Thousands of people took to the streets in cities across the UK on Saturday to protest against the cost of living crisis, climate change and to show support for striking rail workers who are involved in an ongoing row with bosses over pay and conditions.
Some attendees also used the wave of nationwide demonstrations to voice their anger at the government’s recent mini-Budget.
Lily Holder, 29, who was taking part in a march at King’s Cross in London organised by Enough is Enough – a group founded by trade unions and community organisations to campaign against the rising cost of fuel and energy – said: “It’s time to funnel our collective rage into something active and productive.”
Last month the government stepped in to help cushion the blow of higher energy prices by announcing a freeze on unit costs, meaning that they will not rise above their 1 October level for two years.
Millions of families will continue to feel the pinch, however, as the cost of food and other everyday items increases while wages fail to keep pace with soaring inflation.
Grassroots campaign group Don’t Pay UK called for a day of national action.
Its followers were among those who set fire to their energy bills in several cities including London, in a specific protest against rising energy bills.
Don’t Pay UK has already launched a campaign that has received nearly 200,000 pledges from people who said they were prepared to stop paying their energy bills.
It says it will go ahead with the “strike” if the campaign reaches a million signatures.
In Glasgow, thousands of protesters gathered on the Buchanan Galleries steps. Activists from the Enough Is Enough campaign joined striking unions in the city on Saturday afternoon.
The rally was addressed by trade unionists and politicians with chants of “Tories, Tories, Tories! Out, out, out!” and “the workers, united, will never be defeated”.
Chris Mitchell from the GMB union, who became well known in the city for his rousing speeches during the Glasgow bin workers strike in November 2021, told the protesters: “You should be proud of yourselves today.
“The working class are alive and kicking!”
Hundreds of people gathered outside City Hall in Belfast to demand more government action amid the cost of living crisis.
The event, which was organised by campaign group the Cost of Living Coalition, was addressed by representatives from trade unions, community groups and political parties.
One of those who spoke to the crowd was Northern Ireland’s children’s commissioner Koulla Yiasouma.
Ms Yiasouma said that prior to the pandemic there were 110,000 children in Northern Ireland living in poverty. “I can’t even imagine what that’s going to look like by Christmas,” she said.
The commissioner added there were concerns that some children could die from hypothermia over the winter months. “This is Northern Ireland in 2022 and we’re worried about children dying of hypothermia,” she said.
“It’s time for our governments, wherever they are, to make different choices.”
In London, Lily Holder predicted around 10,000 people would join the King Cross protest. “Enough is enough,” she said. “It’s time to funnel our collective rage into something active and productive.”
“We’re down here at King’s Cross to support the RMT strike ... Beyond supporting the picket, this is an opportunity to express a shared sense of disillusionment in our Tory government.
“The people want and desperately need change – and they need it soon.
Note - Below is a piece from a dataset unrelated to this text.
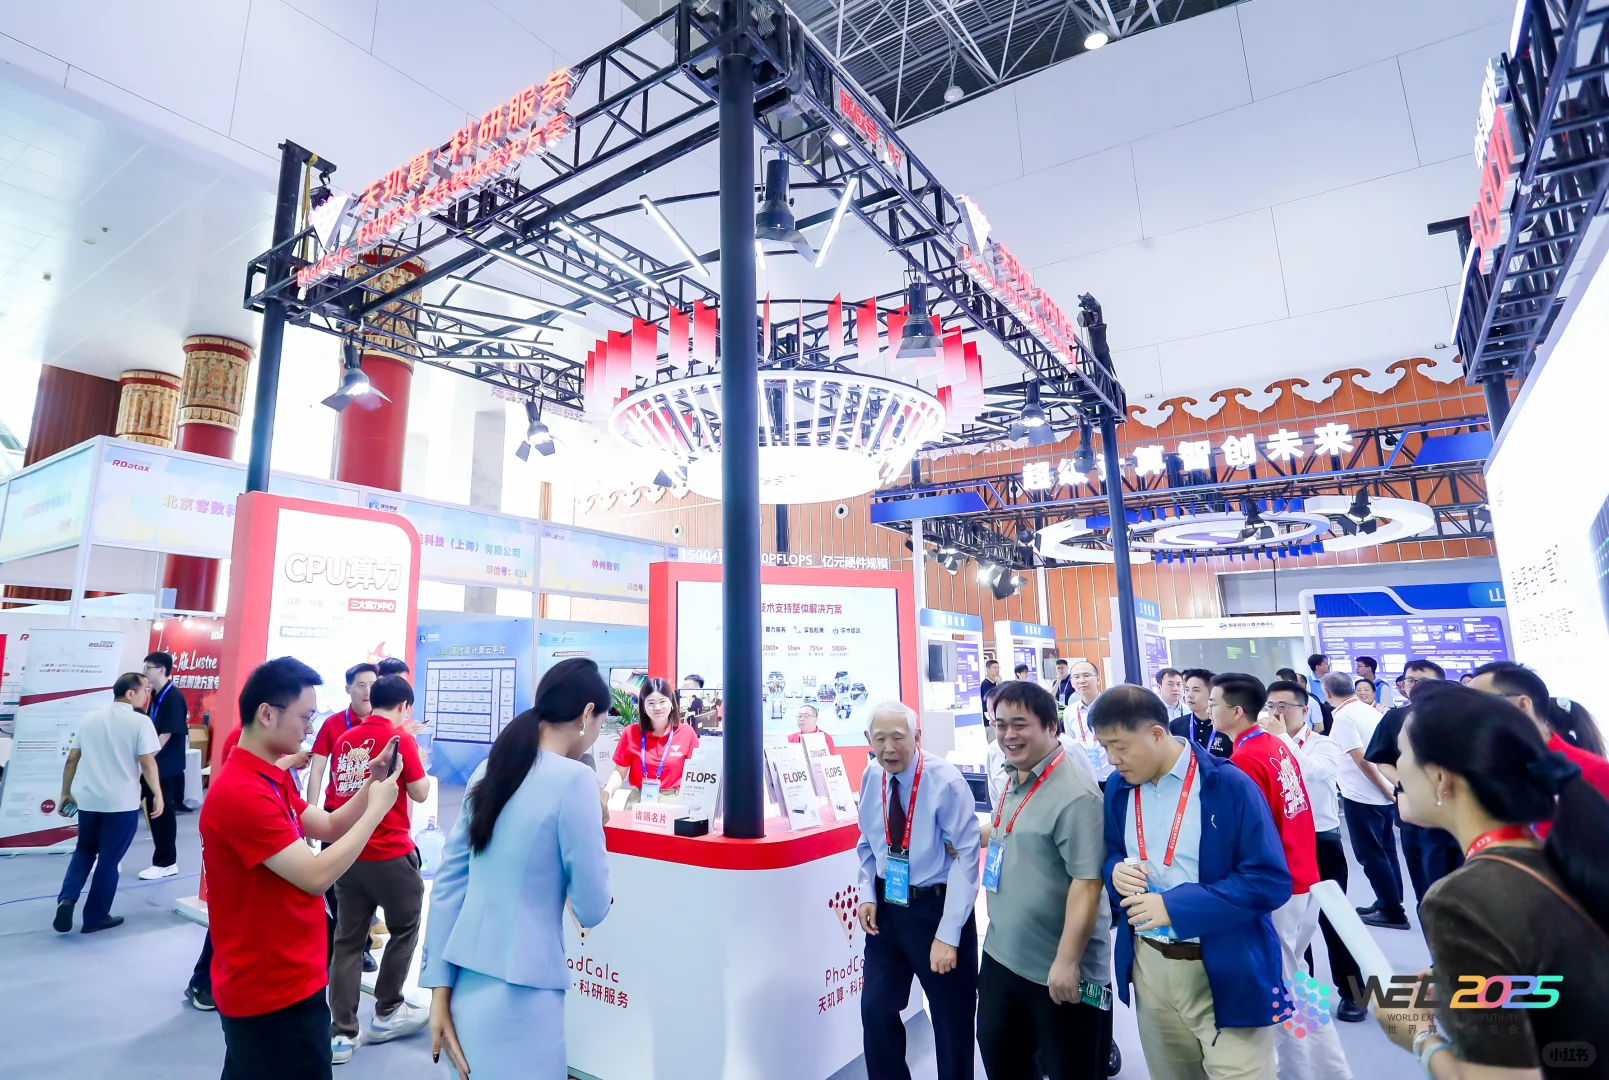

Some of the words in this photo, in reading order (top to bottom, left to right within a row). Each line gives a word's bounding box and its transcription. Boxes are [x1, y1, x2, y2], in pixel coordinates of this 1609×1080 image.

This winter is a frightening prospect and is going to show the true cruelty of our government.”
Climate protesters, meanwhile, brought Westminster Bridge to a standstill, with activists sitting in the road and playing instruments. Against the background of the Palace of Westminster, dozens of people have blocked traffic to chant slogans about the climate crisis.
Several people kept up a steady drumbeat on instruments decorated with the Extinction Rebellion logo, watched by police.
Crowds also gathered outside Euston station as a series of protest groups prepare to march on Westminster. Members of Just Stop Oil, Extinction Rebellion (XR) and the Revolutionary Communist Group (RCG) had expected to march around noon but were delayed by more than half an hour.
XR and Cuban flags were flown and a sign reading “save my future” was seen propped up in a baby buggy.
Meg, a member of Doctors For Extinction Rebellion, said: “This is a climate emergency and people are already dying, more are going to die from the effects of climate change.
“We’re acting in line with the values of health professionals who are supposed to try to protect public health and then safeguard people's lives and wellbeing.”
While some of the Euston marchers carried a banner declaring capitalism “the enemy of Mother Earth”, others were protesting against the government's mini-Budget.
One protester, who gave his name as George, held a sign that criticised the Conservatives’ lack of “fiscal budget responsibility” along with their record on fossil fuels.
“I think no government can run if it's spending more, like vastly more, than it's bringing in,” he said.
“That can’t carry on forever.”
He added, self-consciously: “I sound like David Cameron when I say that.”
Saturday’s protests take place amid the biggest rail strike in the UK for decades, as workers embark on another round of industrial action in an ongoing row over pay and conditions.
More than 50,000 workers are on strike and only around 11 per cent of the usual Saturday train timetable is running.